Repeat exactly, and only, the lines from the one containing "this 2212×1659 image." through the end of the records.

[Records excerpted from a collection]
*** Block opens ***
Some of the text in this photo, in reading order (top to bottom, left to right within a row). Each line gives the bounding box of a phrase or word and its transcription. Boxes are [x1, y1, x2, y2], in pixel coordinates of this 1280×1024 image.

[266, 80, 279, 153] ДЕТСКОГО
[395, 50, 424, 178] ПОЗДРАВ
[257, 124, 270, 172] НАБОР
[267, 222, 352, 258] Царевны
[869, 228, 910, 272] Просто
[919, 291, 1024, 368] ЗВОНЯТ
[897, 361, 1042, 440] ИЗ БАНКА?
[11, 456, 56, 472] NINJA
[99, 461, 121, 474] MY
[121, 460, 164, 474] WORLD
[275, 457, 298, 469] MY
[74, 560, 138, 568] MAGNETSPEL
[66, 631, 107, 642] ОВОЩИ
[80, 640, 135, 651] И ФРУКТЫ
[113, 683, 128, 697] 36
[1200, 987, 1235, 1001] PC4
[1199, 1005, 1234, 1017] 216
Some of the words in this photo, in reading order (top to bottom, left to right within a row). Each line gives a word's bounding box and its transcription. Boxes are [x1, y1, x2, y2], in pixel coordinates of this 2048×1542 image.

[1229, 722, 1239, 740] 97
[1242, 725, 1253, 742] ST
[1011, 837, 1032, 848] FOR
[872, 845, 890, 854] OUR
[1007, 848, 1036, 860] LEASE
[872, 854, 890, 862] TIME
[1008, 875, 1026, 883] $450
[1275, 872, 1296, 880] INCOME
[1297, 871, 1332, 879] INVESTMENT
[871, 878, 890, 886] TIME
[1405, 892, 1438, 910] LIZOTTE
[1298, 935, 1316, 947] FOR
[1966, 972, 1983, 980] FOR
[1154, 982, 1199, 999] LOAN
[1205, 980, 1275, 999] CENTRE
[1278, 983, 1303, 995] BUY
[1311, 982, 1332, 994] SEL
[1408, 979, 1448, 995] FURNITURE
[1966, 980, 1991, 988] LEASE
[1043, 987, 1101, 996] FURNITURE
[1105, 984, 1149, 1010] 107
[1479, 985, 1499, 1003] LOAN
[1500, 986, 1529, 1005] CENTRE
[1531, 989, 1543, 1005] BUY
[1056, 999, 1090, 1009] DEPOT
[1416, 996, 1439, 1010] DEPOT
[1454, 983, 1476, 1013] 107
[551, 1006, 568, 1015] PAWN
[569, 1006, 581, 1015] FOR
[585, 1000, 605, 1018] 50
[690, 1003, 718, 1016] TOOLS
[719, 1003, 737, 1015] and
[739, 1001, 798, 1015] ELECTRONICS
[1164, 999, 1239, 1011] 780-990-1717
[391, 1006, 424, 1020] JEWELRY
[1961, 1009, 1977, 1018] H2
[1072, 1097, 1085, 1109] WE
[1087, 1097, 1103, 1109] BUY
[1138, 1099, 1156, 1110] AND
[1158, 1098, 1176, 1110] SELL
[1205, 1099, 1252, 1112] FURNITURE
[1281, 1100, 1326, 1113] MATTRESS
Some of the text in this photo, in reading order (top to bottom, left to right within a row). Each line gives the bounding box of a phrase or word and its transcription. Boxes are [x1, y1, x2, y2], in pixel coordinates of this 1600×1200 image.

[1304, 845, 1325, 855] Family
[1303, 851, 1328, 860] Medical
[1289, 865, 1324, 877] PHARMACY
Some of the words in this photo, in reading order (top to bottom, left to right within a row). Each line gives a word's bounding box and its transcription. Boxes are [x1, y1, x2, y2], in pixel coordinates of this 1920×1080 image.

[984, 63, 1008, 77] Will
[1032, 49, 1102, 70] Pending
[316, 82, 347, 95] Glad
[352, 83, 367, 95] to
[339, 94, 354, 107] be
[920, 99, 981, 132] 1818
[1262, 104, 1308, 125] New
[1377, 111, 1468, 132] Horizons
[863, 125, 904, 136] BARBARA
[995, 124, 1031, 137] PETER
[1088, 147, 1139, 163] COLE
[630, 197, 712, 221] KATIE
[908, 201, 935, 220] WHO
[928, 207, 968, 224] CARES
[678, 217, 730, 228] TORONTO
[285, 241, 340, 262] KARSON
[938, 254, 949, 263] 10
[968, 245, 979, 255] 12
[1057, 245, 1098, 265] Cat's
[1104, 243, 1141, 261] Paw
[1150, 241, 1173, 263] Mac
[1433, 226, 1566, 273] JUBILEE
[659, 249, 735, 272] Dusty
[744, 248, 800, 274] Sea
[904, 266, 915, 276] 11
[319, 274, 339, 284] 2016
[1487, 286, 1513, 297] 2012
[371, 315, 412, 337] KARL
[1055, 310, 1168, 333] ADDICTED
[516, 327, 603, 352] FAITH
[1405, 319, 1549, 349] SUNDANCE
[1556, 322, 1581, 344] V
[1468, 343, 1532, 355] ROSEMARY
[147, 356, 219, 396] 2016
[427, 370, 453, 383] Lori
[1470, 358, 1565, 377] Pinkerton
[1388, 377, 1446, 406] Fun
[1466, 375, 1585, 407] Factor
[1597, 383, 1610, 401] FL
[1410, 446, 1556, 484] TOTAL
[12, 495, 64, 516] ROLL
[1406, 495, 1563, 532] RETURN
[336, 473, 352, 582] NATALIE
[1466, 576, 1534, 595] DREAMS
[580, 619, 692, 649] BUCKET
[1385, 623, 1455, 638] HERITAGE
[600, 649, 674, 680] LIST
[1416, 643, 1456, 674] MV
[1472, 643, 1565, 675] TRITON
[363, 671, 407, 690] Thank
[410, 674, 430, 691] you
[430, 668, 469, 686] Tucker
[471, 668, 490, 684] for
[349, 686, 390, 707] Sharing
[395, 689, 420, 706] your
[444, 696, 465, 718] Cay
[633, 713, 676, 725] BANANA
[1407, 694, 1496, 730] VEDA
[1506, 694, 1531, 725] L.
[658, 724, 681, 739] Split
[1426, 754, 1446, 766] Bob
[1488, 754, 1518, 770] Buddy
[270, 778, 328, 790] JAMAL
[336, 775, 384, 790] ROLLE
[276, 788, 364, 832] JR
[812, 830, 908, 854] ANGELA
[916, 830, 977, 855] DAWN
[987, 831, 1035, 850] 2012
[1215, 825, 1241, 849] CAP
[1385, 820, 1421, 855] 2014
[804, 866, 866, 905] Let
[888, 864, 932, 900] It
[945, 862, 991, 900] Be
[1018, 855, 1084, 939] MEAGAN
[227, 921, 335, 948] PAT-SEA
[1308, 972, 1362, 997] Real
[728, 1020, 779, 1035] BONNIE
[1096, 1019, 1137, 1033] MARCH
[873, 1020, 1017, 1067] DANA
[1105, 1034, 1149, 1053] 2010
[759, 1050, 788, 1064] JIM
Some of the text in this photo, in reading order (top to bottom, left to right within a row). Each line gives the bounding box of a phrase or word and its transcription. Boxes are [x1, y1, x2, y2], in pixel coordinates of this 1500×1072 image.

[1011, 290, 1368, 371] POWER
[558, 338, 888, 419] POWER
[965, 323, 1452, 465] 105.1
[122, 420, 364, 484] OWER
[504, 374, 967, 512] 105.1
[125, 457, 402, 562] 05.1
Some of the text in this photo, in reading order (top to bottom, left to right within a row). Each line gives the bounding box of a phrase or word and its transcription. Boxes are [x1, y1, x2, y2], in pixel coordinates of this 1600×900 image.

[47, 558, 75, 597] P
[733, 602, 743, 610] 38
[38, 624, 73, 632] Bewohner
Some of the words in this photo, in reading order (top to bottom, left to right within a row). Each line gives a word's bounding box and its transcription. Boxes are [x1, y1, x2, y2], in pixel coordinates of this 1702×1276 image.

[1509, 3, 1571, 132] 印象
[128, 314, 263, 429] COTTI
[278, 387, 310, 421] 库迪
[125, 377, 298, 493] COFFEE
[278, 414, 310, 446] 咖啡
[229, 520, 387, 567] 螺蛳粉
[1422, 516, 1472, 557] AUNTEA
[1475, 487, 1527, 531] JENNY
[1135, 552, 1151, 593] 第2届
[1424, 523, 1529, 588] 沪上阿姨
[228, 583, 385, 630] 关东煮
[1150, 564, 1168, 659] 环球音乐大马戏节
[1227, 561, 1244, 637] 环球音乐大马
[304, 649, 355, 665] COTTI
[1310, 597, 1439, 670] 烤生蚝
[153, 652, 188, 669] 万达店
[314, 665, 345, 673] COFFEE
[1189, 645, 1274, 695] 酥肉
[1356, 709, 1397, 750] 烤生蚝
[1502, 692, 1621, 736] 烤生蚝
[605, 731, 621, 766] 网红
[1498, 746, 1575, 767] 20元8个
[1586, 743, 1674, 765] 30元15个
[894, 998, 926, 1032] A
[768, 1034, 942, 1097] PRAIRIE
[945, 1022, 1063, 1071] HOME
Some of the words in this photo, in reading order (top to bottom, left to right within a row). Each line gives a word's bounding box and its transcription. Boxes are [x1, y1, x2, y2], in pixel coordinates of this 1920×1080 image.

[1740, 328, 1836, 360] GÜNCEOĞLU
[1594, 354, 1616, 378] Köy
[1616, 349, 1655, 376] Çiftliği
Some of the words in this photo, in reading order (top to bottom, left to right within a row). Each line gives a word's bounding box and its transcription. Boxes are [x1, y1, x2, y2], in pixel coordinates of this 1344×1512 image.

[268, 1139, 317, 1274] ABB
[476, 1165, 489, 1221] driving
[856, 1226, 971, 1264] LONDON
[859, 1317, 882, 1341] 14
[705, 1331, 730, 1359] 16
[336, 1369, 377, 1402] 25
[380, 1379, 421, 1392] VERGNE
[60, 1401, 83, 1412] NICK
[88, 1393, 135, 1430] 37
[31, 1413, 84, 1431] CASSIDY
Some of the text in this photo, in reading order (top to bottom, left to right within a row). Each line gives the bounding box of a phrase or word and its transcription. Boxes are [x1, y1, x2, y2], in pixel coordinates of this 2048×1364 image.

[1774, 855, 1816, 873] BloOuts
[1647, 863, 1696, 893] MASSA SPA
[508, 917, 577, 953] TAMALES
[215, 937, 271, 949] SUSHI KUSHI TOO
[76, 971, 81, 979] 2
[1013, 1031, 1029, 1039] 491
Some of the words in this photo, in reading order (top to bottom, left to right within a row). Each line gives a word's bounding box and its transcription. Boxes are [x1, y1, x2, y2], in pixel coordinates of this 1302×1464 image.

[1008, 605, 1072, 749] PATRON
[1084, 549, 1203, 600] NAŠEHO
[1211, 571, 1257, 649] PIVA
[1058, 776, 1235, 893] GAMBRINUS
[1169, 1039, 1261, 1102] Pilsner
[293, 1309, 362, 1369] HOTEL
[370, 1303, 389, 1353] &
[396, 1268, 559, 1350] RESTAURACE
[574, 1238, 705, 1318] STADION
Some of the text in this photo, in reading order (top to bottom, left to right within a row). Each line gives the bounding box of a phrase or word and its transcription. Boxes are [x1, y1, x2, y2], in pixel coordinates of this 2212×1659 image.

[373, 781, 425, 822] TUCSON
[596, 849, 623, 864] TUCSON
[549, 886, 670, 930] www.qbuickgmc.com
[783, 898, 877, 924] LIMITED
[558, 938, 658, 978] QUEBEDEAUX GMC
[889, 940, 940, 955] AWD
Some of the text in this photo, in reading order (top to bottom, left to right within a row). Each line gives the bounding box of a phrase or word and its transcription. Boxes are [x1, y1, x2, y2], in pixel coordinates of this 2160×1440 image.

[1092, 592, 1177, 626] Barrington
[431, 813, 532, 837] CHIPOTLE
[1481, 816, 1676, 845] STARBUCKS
*** Block closes ***
▶ Exercise response:
Some of the text in this photo, in reading order (top to bottom, left to right within a row). Each line gives the bounding box of a phrase or word and its transcription. Boxes are [x1, y1, x2, y2], in pixel coordinates of this 2212×1659 image.

[373, 781, 425, 822] TUCSON
[596, 849, 623, 864] TUCSON
[549, 886, 670, 930] www.qbuickgmc.com
[783, 898, 877, 924] LIMITED
[558, 938, 658, 978] QUEBEDEAUX GMC
[889, 940, 940, 955] AWD
Some of the text in this photo, in reading order (top to bottom, left to right within a row). Each line gives the bounding box of a phrase or word and its transcription. Boxes are [x1, y1, x2, y2], in pixel coordinates of this 2160×1440 image.

[1092, 592, 1177, 626] Barrington
[431, 813, 532, 837] CHIPOTLE
[1481, 816, 1676, 845] STARBUCKS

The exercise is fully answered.